Each entry that follows should be set down precisely, with its pictures removed.

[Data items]
---------------

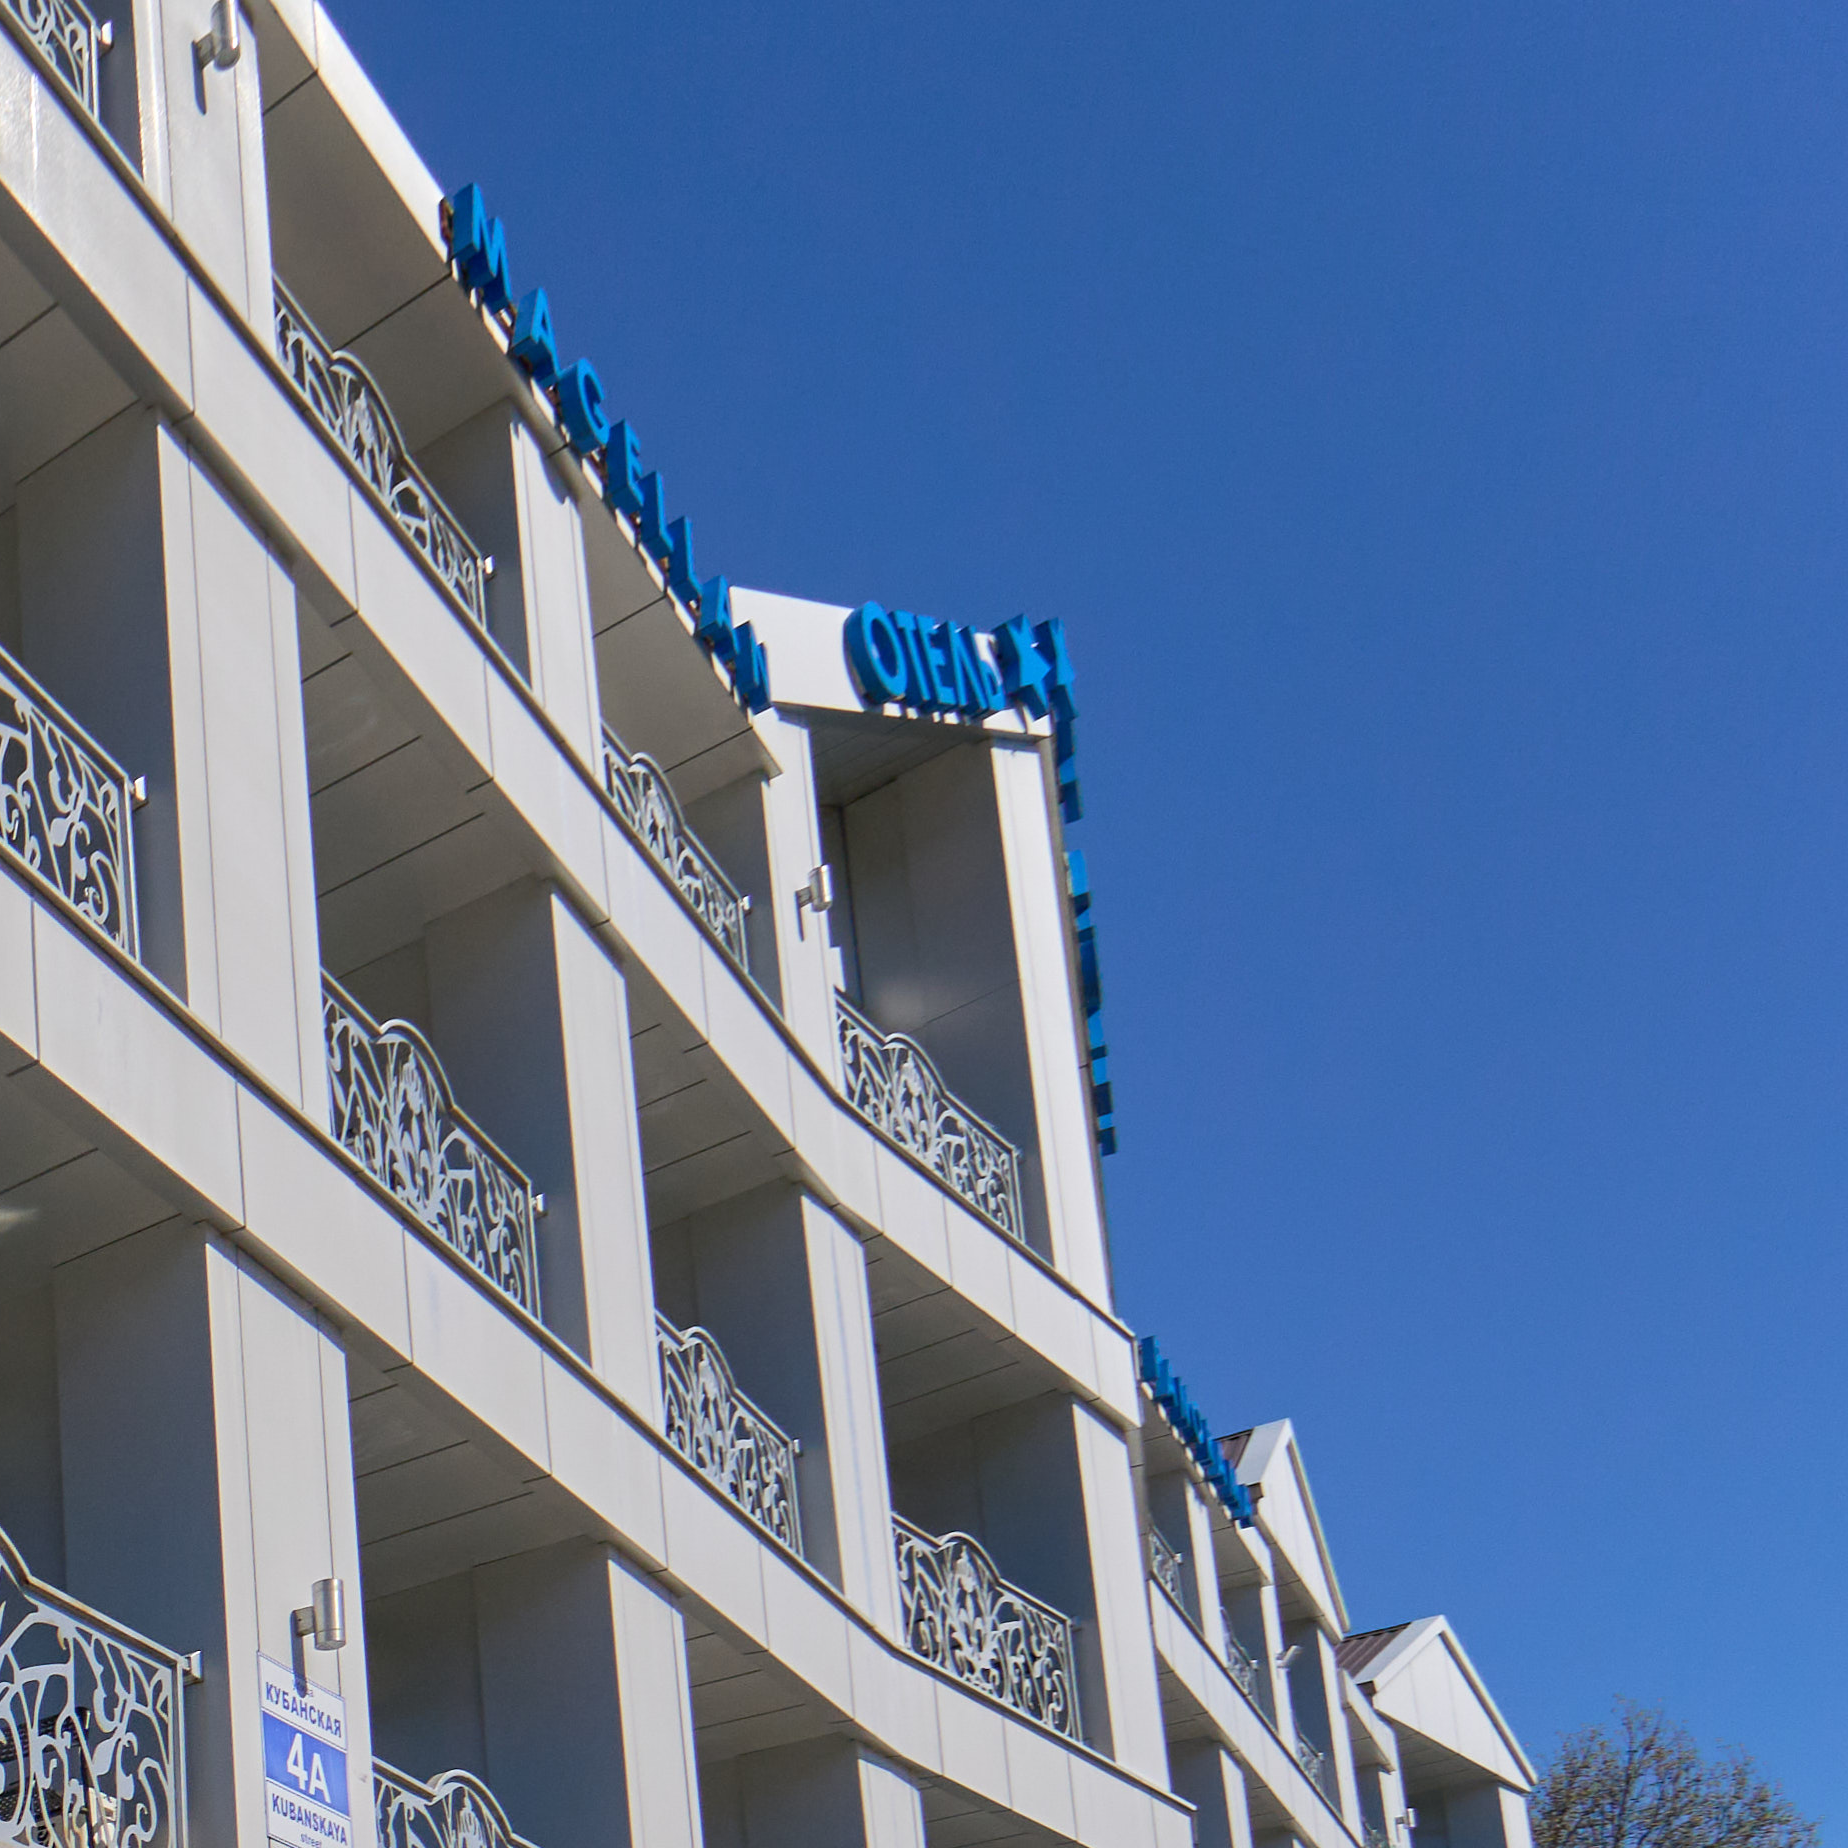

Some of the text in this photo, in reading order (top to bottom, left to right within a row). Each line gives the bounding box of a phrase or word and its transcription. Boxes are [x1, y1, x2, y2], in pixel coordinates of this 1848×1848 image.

[843, 601, 1005, 711] ОТЕЛЬ
[265, 1681, 342, 1738] КУБАНСКАЯ
[286, 1733, 331, 1804] 4А
[272, 1793, 348, 1846] KUBANSKAYA

---------------

EXPECTED ANSWER -
Some of the text in this photo, in reading order (top to bottom, left to right within a row). Each line gives the bounding box of a phrase or word and its transcription. Boxes are [x1, y1, x2, y2], in pixel coordinates of this 1848×1848 image.

[843, 601, 1005, 711] ОТЕЛЬ
[265, 1681, 342, 1738] КУБАНСКАЯ
[286, 1733, 331, 1804] 4А
[272, 1793, 348, 1846] KUBANSKAYA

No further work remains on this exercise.